JATIMPEDIA, Lamongan - PT Jakamitra Indonesia, bagian dari grup Japfa, meluncurkan i-Sentra @Lamongan sebagai kawasan industri pintar dan berkelanjutan (Smart-Eco Industrial Park) di Lamongan, Jawa Timur. Kehadiran kawasan ini ditujukan untuk menarik investasi dalam negeri maupun asing sekaligus mendukung target pertumbuhan ekonomi nasional.
Direktur Jakamitra Indonesia, Benjamin Abednego Soenadi, mengatakan i-Sentra @Lamongan dikembangkan sebagai pusat industri modern yang menggabungkan infrastruktur berstandar internasional dengan berbagai kemudahan investasi. Menurutnya, kawasan tersebut tidak hanya berfungsi sebagai area manufaktur, tetapi juga menjadi bagian dari upaya memperkuat daya saing industri Indonesia di pasar global.

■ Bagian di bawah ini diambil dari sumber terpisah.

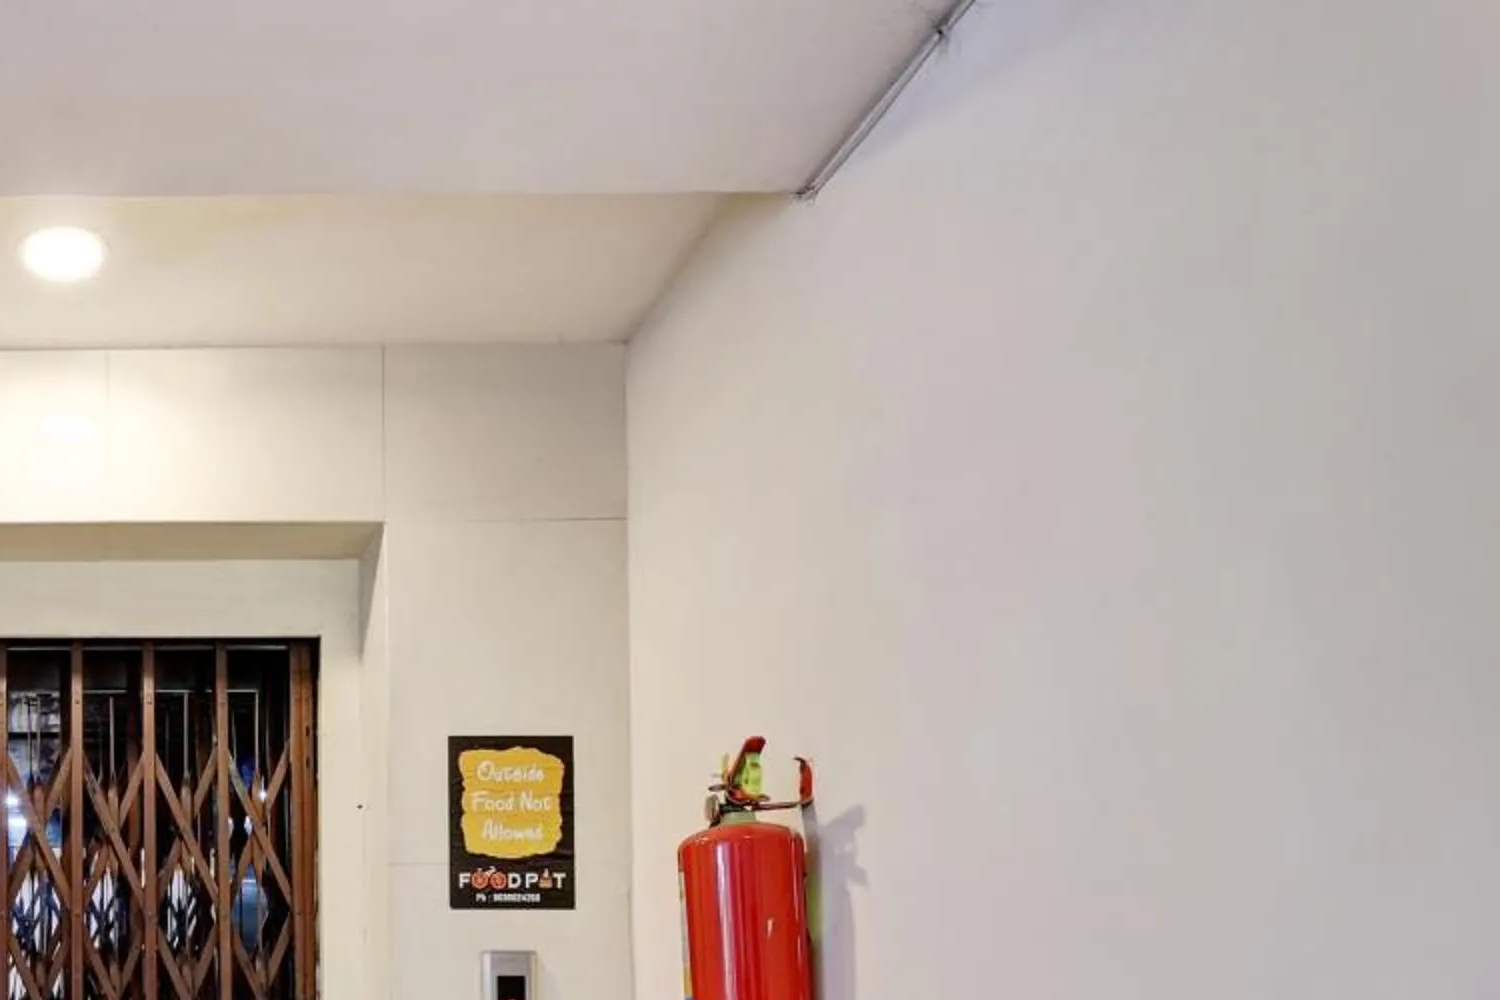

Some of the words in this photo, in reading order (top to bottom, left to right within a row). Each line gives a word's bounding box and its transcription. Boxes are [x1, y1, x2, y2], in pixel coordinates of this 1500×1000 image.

[476, 760, 545, 783] Outside
[471, 790, 515, 813] Food
[520, 789, 552, 812] Not
[482, 819, 544, 842] Allowed

Untuk mempercepat realisasi investasi, kawasan ini mengintegrasikan layanan perizinan terpadu melalui skema One-Stop Licensing serta memanfaatkan kebijakan Kemudahan Layanan Investasi Langsung Konstruksi (KLIK). Dengan sistem tersebut, investor dapat segera memulai pembangunan setelah memperoleh izin prinsip.
Mengusung tema “Designed for Accelerating Investment”, i-Sentra @Lamongan menawarkan sejumlah fasilitas dan insentif yang dirancang untuk meningkatkan efisiensi operasional perusahaan. Lokasinya yang dekat dengan pelabuhan laut dalam internasional serta rencana pengembangan akses jalan tol dinilai memberikan keuntungan logistik bagi pelaku industri yang menargetkan pasar domestik maupun ekspor.
Selain mengedepankan infrastruktur fisik, kawasan industri ini menerapkan konsep ekonomi sirkular dengan pemanfaatan energi terbarukan guna mendukung operasional yang lebih efisien dan berkelanjutan. Ketersediaan sumber daya manusia juga menjadi salah satu keunggulan, dengan dukungan lebih dari 650 ribu tenaga kerja terampil dan semi-terampil dari Lamongan dan Surabaya.
Dalam sektor pangan, i-Sentra @Lamongan turut mengembangkan klaster khusus yang terintegrasi dengan konsep Japfa Hub. Fasilitas tersebut difokuskan untuk mendorong hilirisasi berbagai komoditas strategis sehingga dapat memperkuat rantai pasok nasional sekaligus meningkatkan nilai tambah ekonomi di Jawa Timur.